*Problem to solve*.
Set every line of the data down again exactly, and keep the pictures out.

*** Block opens ***

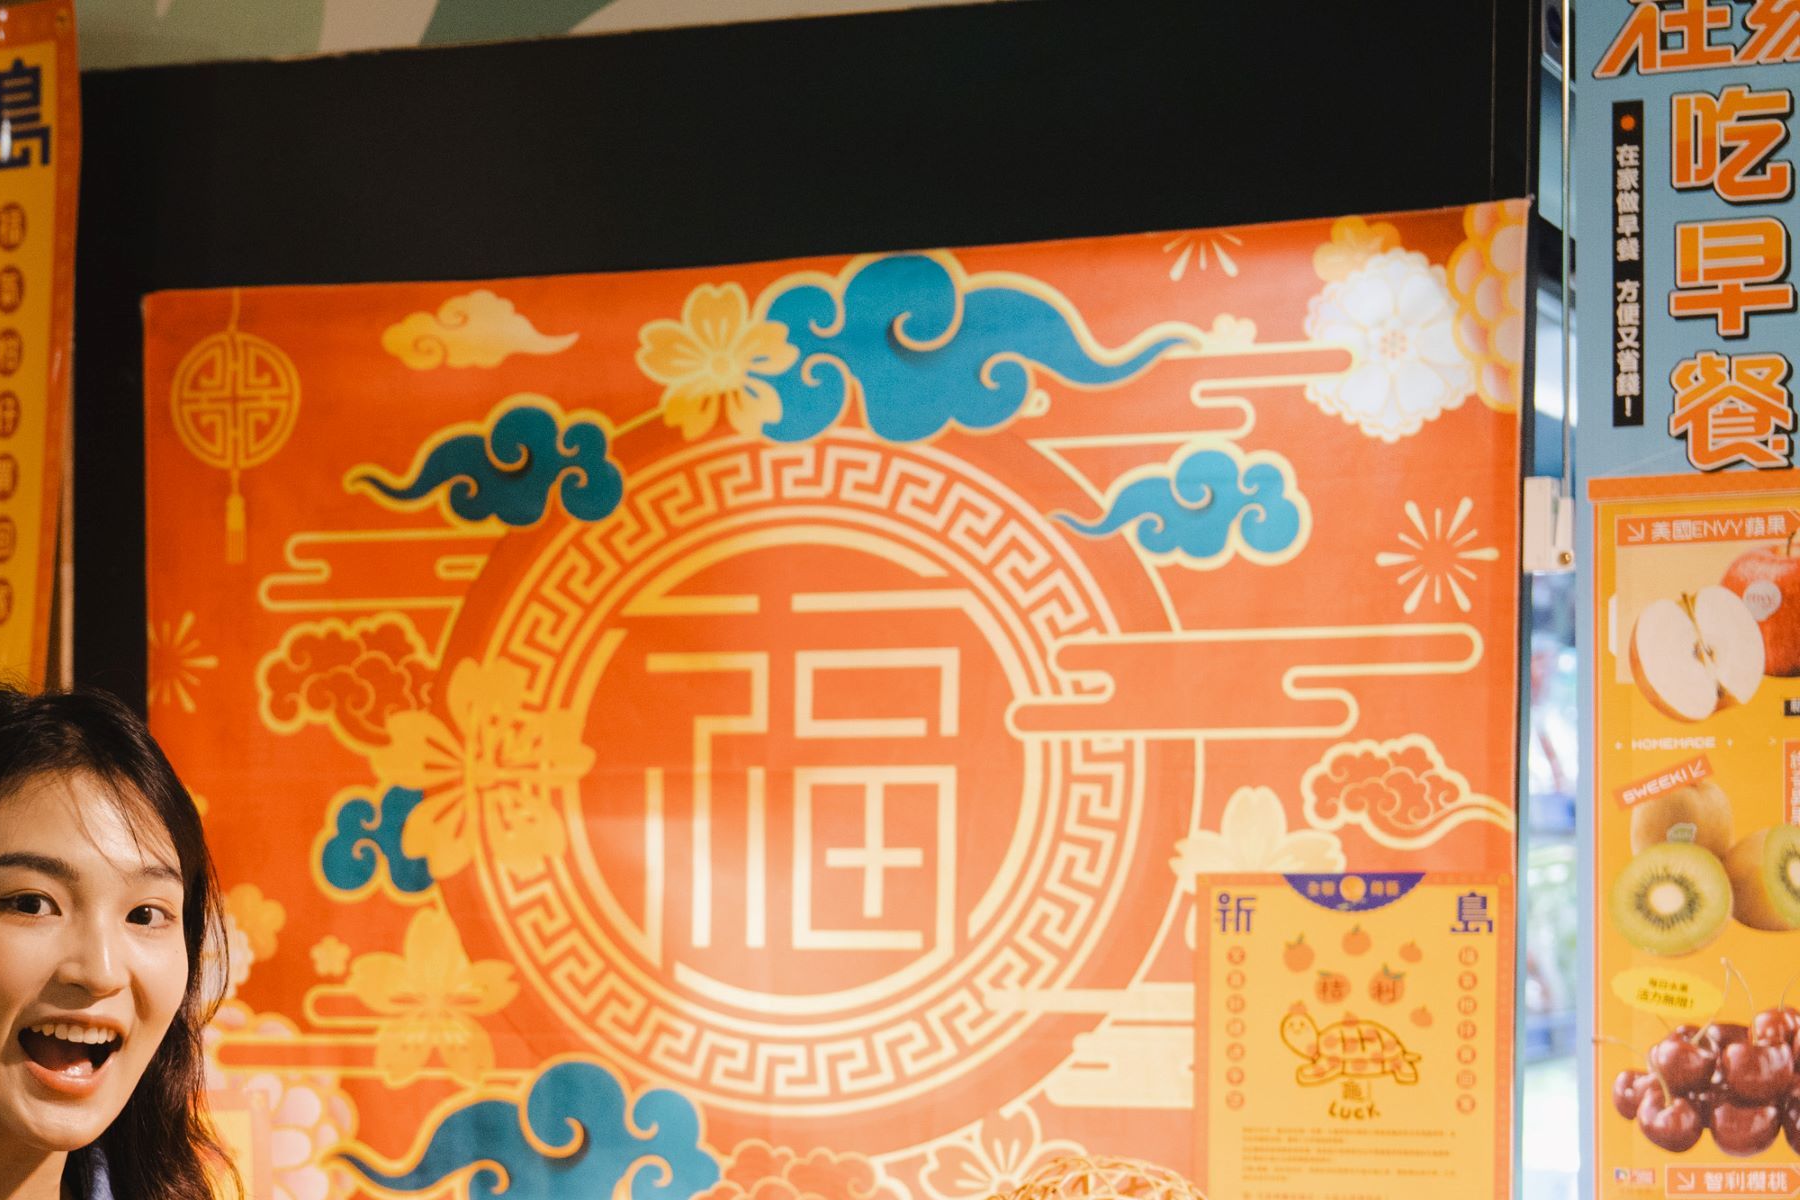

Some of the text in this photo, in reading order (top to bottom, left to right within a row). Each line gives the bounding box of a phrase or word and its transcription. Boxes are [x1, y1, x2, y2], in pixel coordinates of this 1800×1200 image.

[1616, 143, 1641, 262] 在家做早餐
[1670, 84, 1798, 472] 吃早餐
[622, 588, 968, 962] 福
[1450, 892, 1493, 933] 島
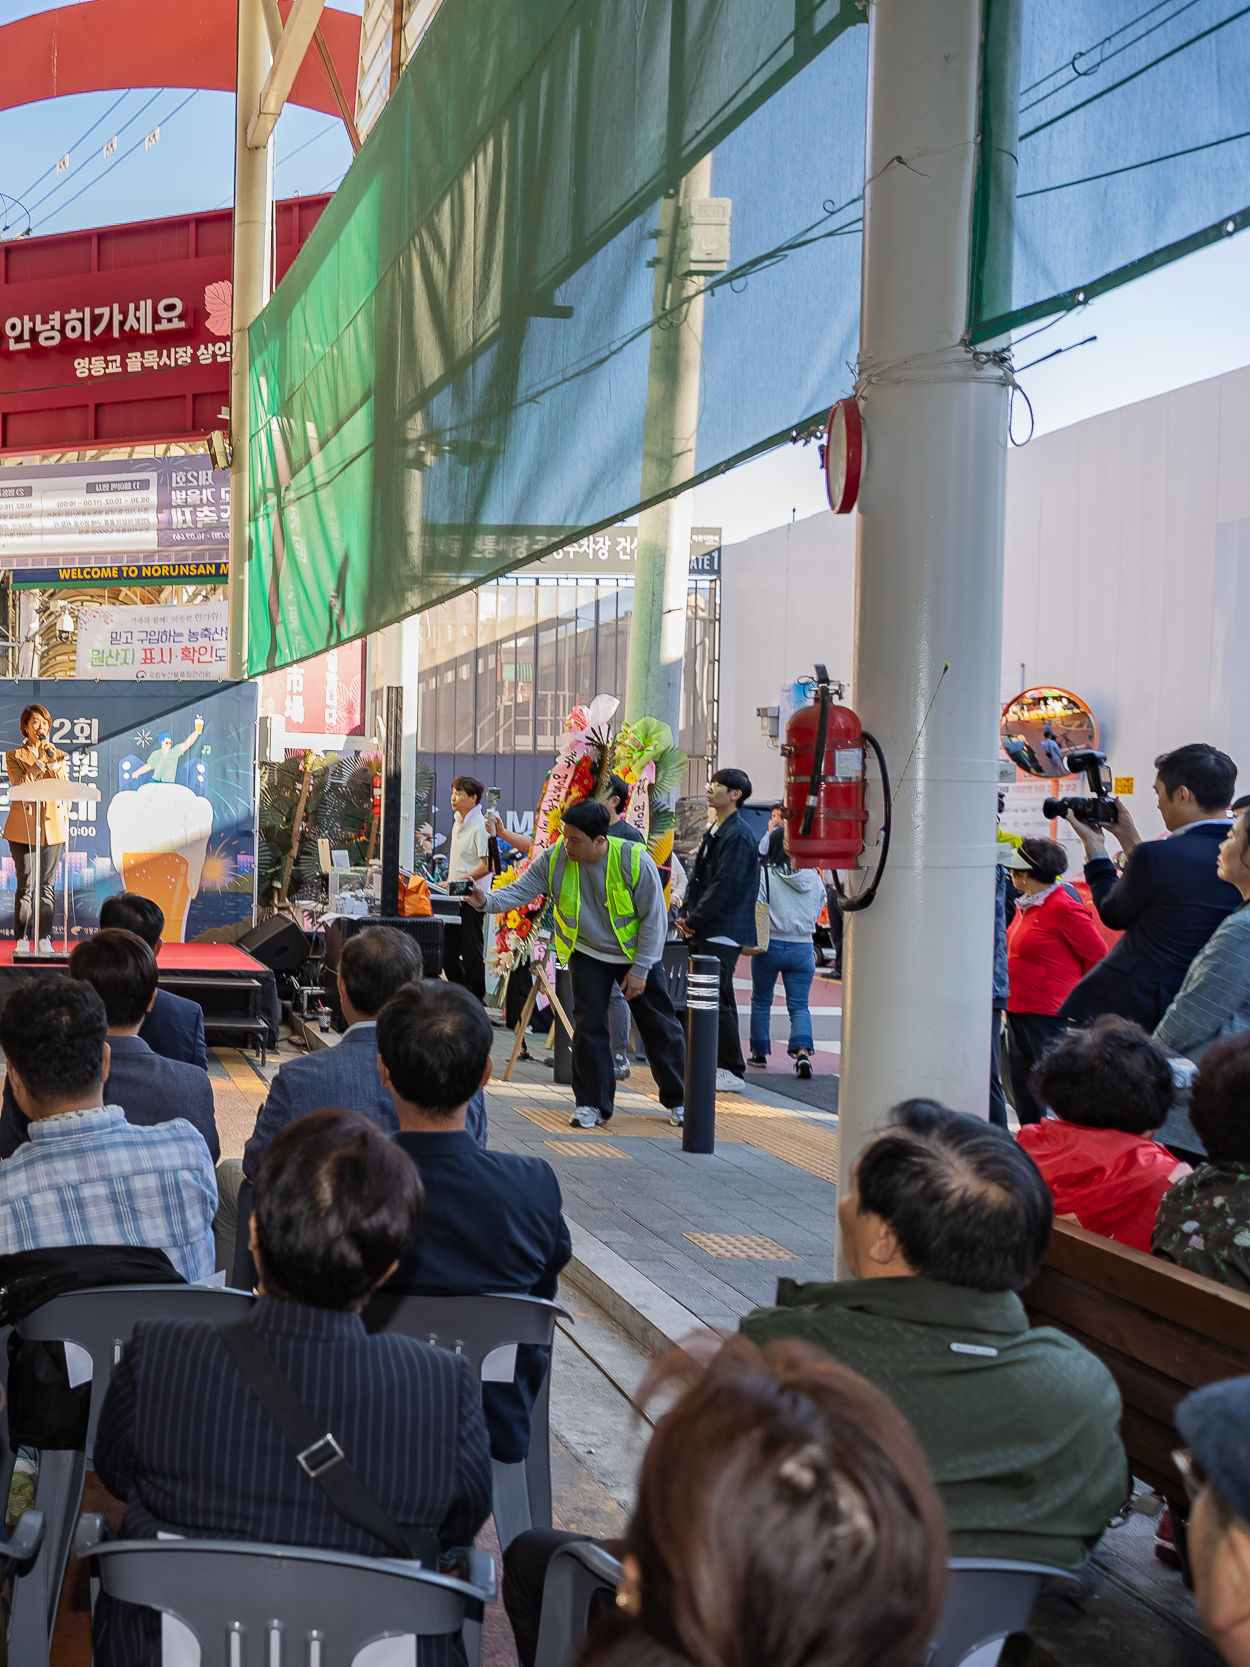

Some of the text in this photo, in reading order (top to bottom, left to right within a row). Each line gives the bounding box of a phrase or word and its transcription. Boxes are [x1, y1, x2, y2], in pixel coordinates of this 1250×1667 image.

[4, 297, 187, 352] 안녕히가세요
[73, 354, 123, 379] 영동교
[126, 343, 195, 373] 골목시장
[59, 566, 119, 580] WELCOME
[122, 566, 139, 579] TO
[142, 563, 216, 578] NORUNSAN
[110, 630, 134, 645] 믿고
[137, 629, 185, 645] 구입하는
[91, 648, 136, 667] 원산지

*** Block closes ***

*Final answer*.
Some of the text in this photo, in reading order (top to bottom, left to right within a row). Each line gives the bounding box of a phrase or word and its transcription. Boxes are [x1, y1, x2, y2], in pixel coordinates of this 1800×1200 image.

[1616, 143, 1641, 262] 在家做早餐
[1670, 84, 1798, 472] 吃早餐
[622, 588, 968, 962] 福
[1450, 892, 1493, 933] 島

Some of the text in this photo, in reading order (top to bottom, left to right within a row). Each line gives the bounding box of a phrase or word and its transcription. Boxes are [x1, y1, x2, y2], in pixel coordinates of this 1250×1667 image.

[4, 297, 187, 352] 안녕히가세요
[73, 354, 123, 379] 영동교
[126, 343, 195, 373] 골목시장
[59, 566, 119, 580] WELCOME
[122, 566, 139, 579] TO
[142, 563, 216, 578] NORUNSAN
[110, 630, 134, 645] 믿고
[137, 629, 185, 645] 구입하는
[91, 648, 136, 667] 원산지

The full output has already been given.